Tuesday, November 9, 2010

Close Encounter

It had been a busy morning, the type measured not in minutes, but in superseding deadlines. I had been sitting in my office, working on a motion due to be filed that day, when my then partner Jeff poked his head through my door and asked if I could spend a few minutes interviewing a prospective associate candidate for the law firm. I was awaiting changes to the motion from my secretary and therefore had a few minutes to spare. I asked Jeff to bring her in.

I spent about ten minutes with the candidate, discussing her resume, the schools she had attended, the firms for whom she had worked, her likes and dislikes, the reasons for her job search. My secretary interrupted our conversation, indicating that I had a call from the chambers of the judge to whom the motion was to be delivered that day. I apologized to the candidate and asked my secretary to bring her back to Jeff. I then picked up the phone and re-diverted my attention to the motion.

At lunchtime, I had a short reprieve. While my secretary put the finishing touches on the motion, I stepped out for a few minutes for lunch with Jeff. We walked a couple of blocks to Chicken Kitchen, a local franchise that specialized in healthy meals. We stood on a short line, placed our orders, paid, and walked outside to dine at a table by the restaurant’s door.

After we sat, Jeff asked my impression of the associate candidate.

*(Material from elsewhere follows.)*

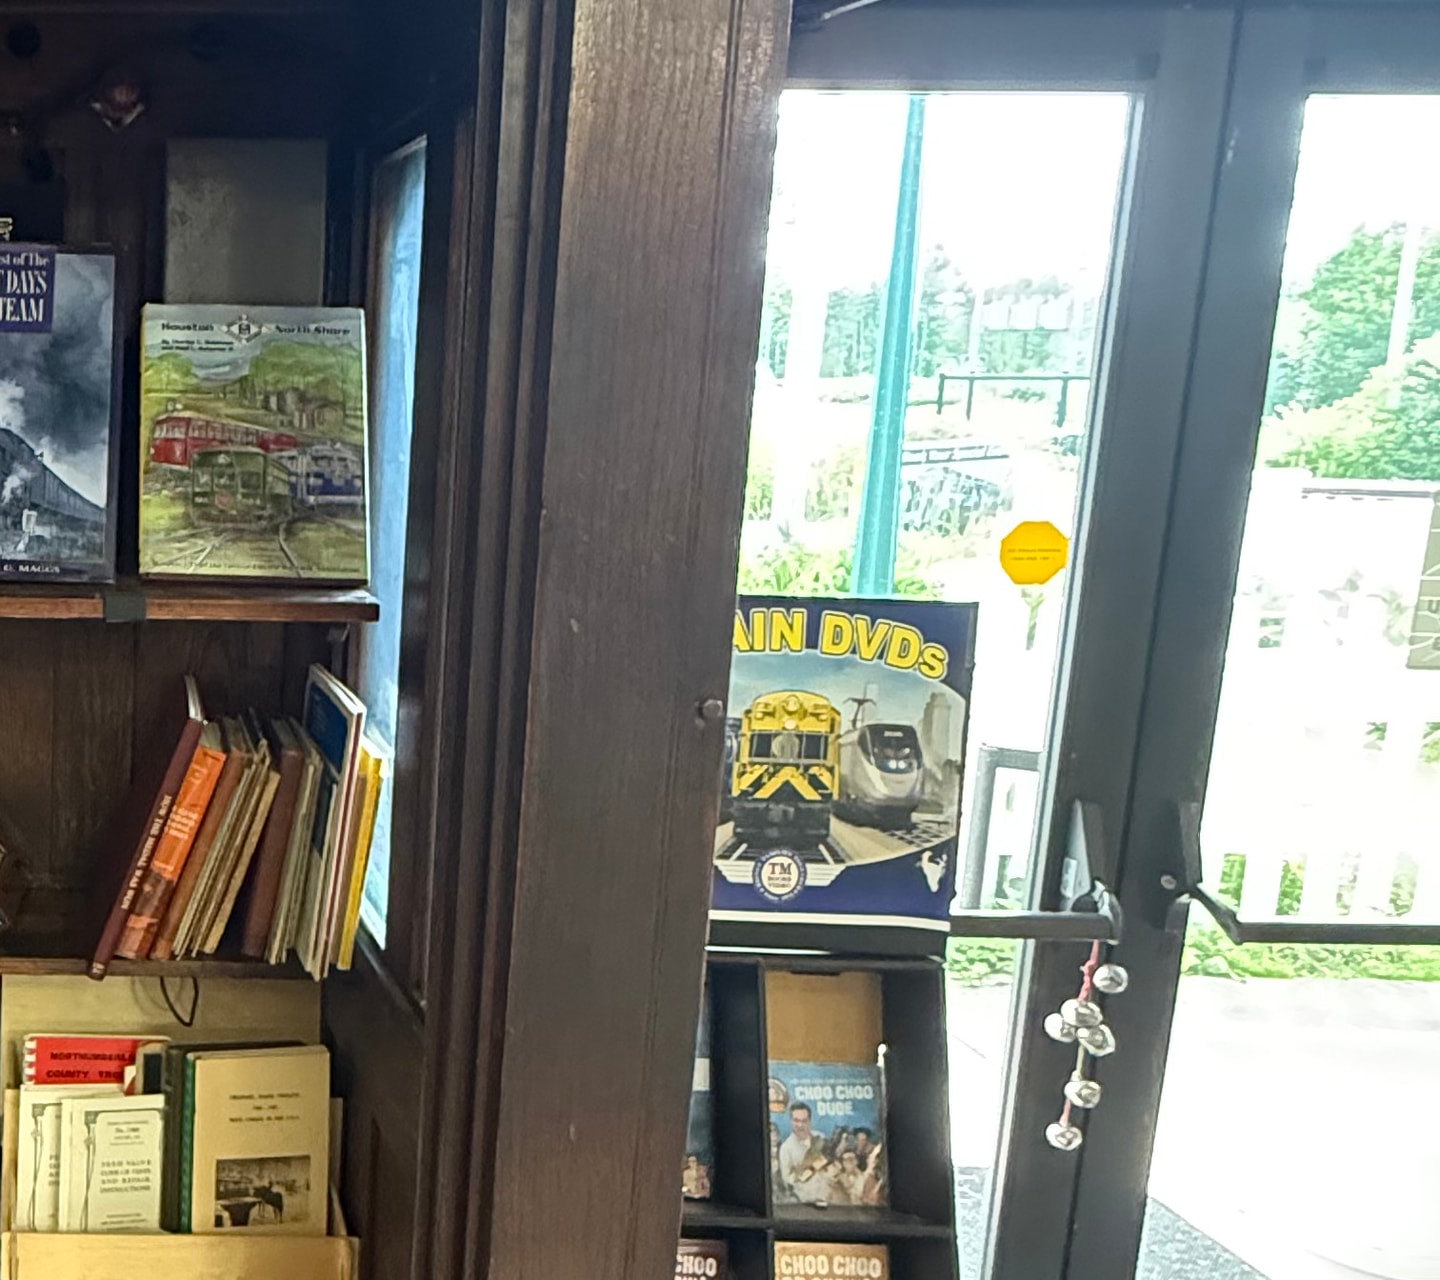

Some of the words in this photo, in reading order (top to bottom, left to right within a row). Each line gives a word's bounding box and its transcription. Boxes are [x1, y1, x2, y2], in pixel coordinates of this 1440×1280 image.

“Hard to say, “ I answered. “I didn’t spend much time with her. She didn’t strike me as an axe murderer.”

Jeff’s eyes opened wide. He seemed to be looking over my shoulder. I turned around slowly and saw the reason for his discomfort. At the table directly behind us, sitting within earshot of our conversation, sat former football superstar O.J. Simpson, he of Johnny-Cochran-“If the glove doesn’t fit you must acquit” fame.

Simpson had moved to South Florida shortly after a jury in Los Angeles acquitted him of the brutal murder of his wife Nicole and her friend Ronald Goldman, and shortly before another jury awarded millions of dollars against him in civil damages to the Goldman family for the murder of their son. Simpson’s move to South Florida was not surprising, since Florida has long had laws favorable to judgment debtors seeking to protect their assets. What was surprising was that Simpson, whom I had repeatedly watched on television as a teen tearing through opponents’ defenses on the way to a Hall-of-Fame career, and whose criminal trial I had followed a few years earlier, now sat directly behind me while I discussed axe murderers with my partner.

If Simpson overheard any part of our conversation, he did not show it. He sat at a table with two other men eating chicken and rice and seemingly engaged in his own private chat. He never looked in our direction, nor acknowledged anything that Jeff and I had discussed.

After we finished our lunch, Jeff and I picked up our trays and deposited the trash in a receptacle by the restaurant’s door. We then headed back to the office, where my pending motion awaited.

As I walked past his table, I took a final look at Simpson. He seemed totally at ease, unconcerned by his troubled past or by the stares he was surely drawing from us and other restaurant patrons.

Years later, Simpson would be convicted in Nevada of attempting to forcefully retrieve sports memorabilia, which he claimed was his, from a broker in a hotel room on the Las Vegas strip. Prosecutors alleged that Simpson and his cohorts used guns and the threat of physical violence to force the broker to relinquish the property. The jury in that case convicted Simpson, perhaps influenced by his past and the brutal nature of his wife’s murder. Today he remains incarcerated with little prospect of release.

But on that day, Simpson sat at Chicken Kitchen, eating his meal and chatting away, without an apparent care. My last glimpse caught him leaning over his plate, plastic fork in hand, listening to one of his dining companions, and chewing his food through a crooked half smile.

1 comment:

  1. That he was convicted of kidnapping floors me, because of two things. Mind you I am not commenting on his actual innocence or guilt in any of the cases. The first, is that any kidnapping incidental to a robbery is difficult to charge as a separate crime in conjunction with robbery in many states, including Florida. Perhaps Nevada permits this.

    The second is that many jurors become skeptical of this type of kidnapping, where they don't see victims bound and gagged, forced from one location to another, secreted away, ransom demanded, etc. Technically a kidnapping is simply a false imprisonment coupled with the intent to commit some other felony, and doesn't need these additional factors, but jurors are more inclined to lean towards false imprisonment in cases where there is merely a restriction on the freedom of movement, rather than an actual taking away of a person and movement.

    So I do have to question the propriety of that actual charge. The robbery I could see and had no problem with them finding him guilty of.